EXERCISE GOAL: What is needed is an exact copy of the records below, without the pictures.

Phrase grounding data
+===+

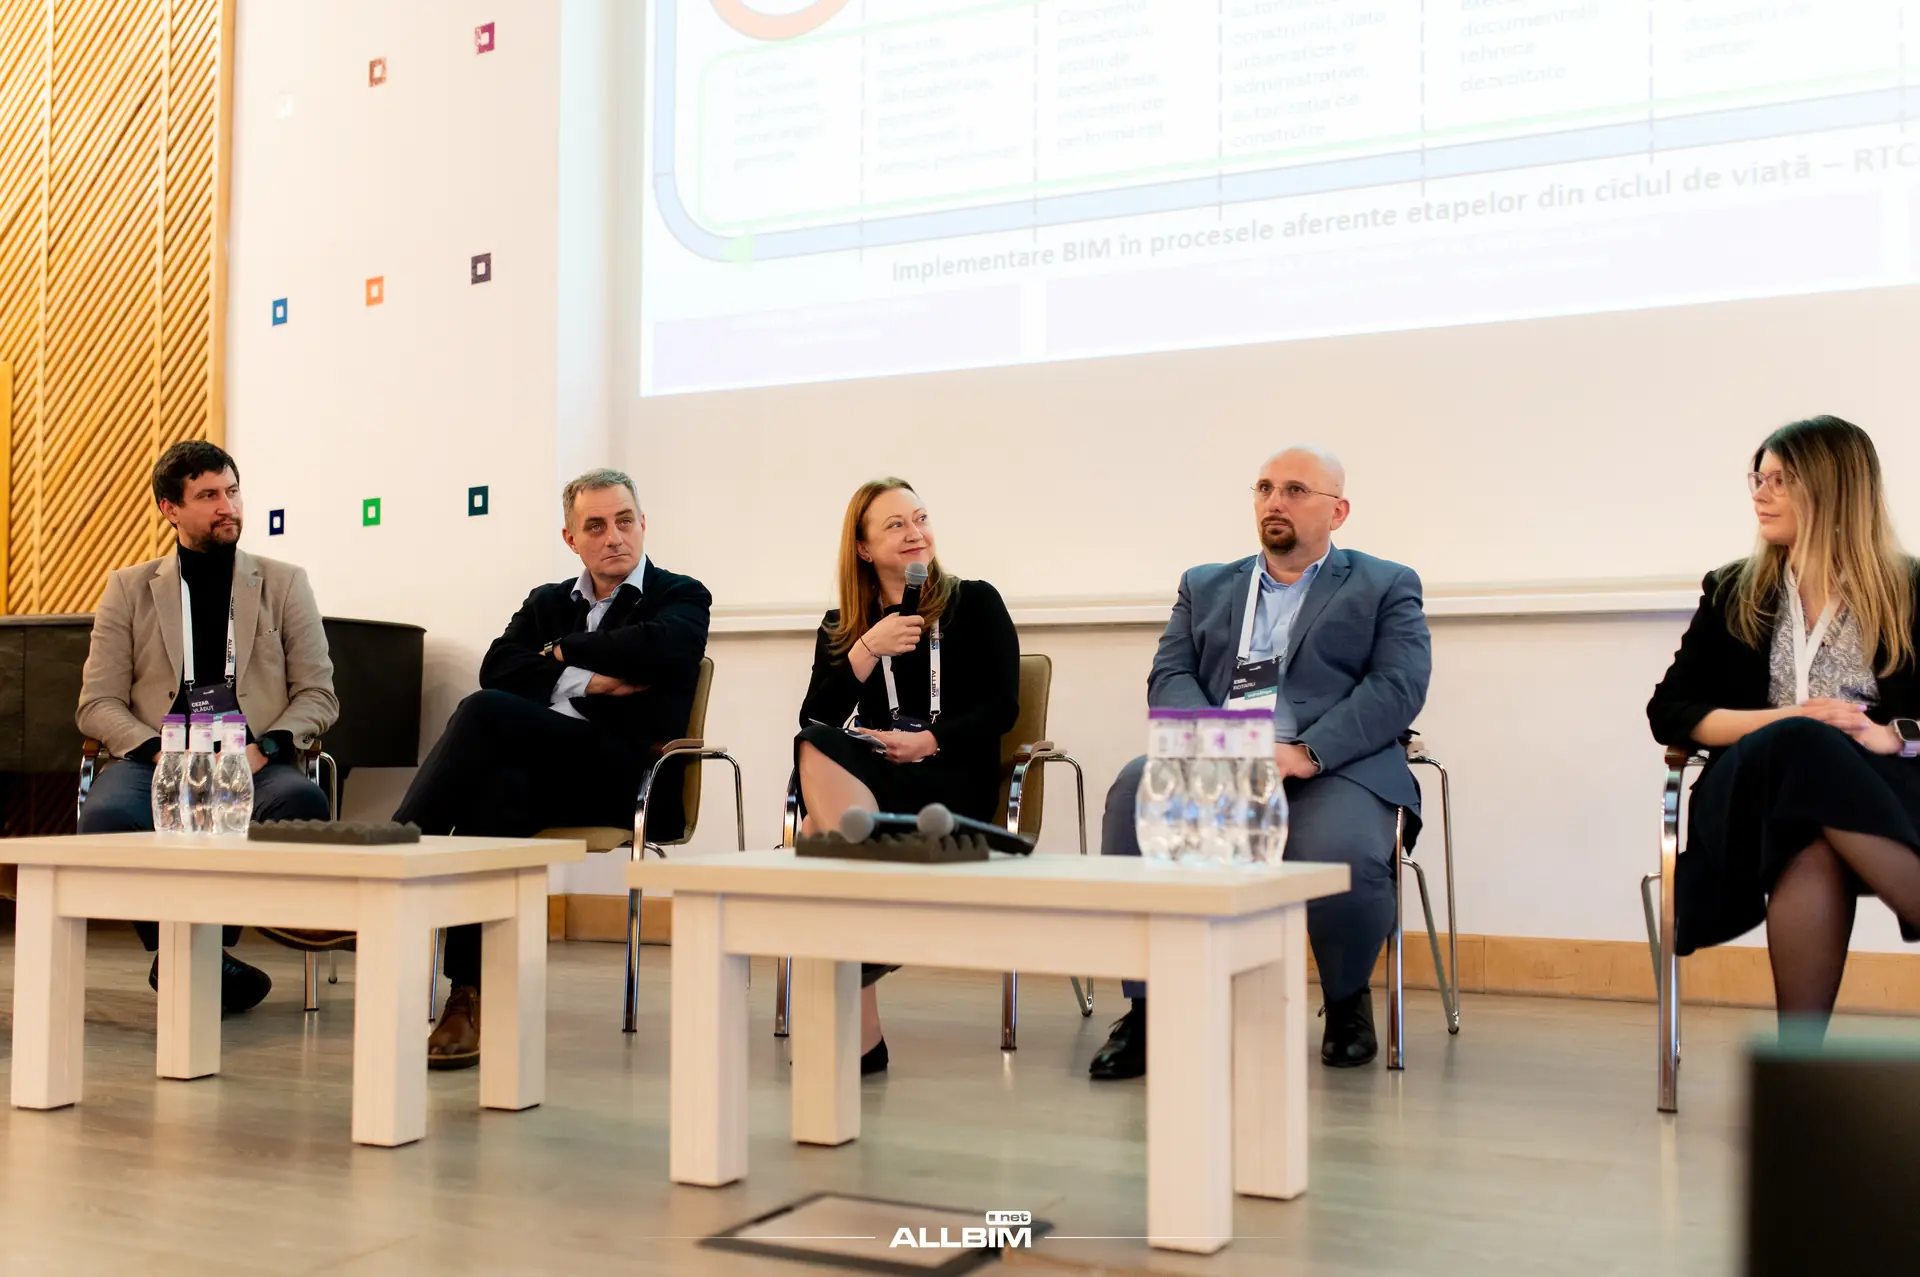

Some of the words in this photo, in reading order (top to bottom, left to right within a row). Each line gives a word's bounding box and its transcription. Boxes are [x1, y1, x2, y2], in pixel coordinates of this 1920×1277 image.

[893, 245, 1054, 281] Implementare
[1064, 238, 1111, 263] BIM
[1119, 235, 1142, 257] în
[1151, 220, 1272, 257] procesele
[1283, 207, 1398, 238] aferente
[1407, 190, 1526, 225] etapelor
[1538, 183, 1585, 209] din
[1595, 170, 1672, 203] ciclul
[1683, 167, 1722, 192] de
[1732, 154, 1811, 187] viață
[191, 700, 210, 708] CEZAR

+===+

WRITTEN REPLY:
Some of the words in this photo, in reading order (top to bottom, left to right within a row). Each line gives a word's bounding box and its transcription. Boxes are [x1, y1, x2, y2], in pixel coordinates of this 1920×1277 image.

[893, 245, 1054, 281] Implementare
[1064, 238, 1111, 263] BIM
[1119, 235, 1142, 257] în
[1151, 220, 1272, 257] procesele
[1283, 207, 1398, 238] aferente
[1407, 190, 1526, 225] etapelor
[1538, 183, 1585, 209] din
[1595, 170, 1672, 203] ciclul
[1683, 167, 1722, 192] de
[1732, 154, 1811, 187] viață
[191, 700, 210, 708] CEZAR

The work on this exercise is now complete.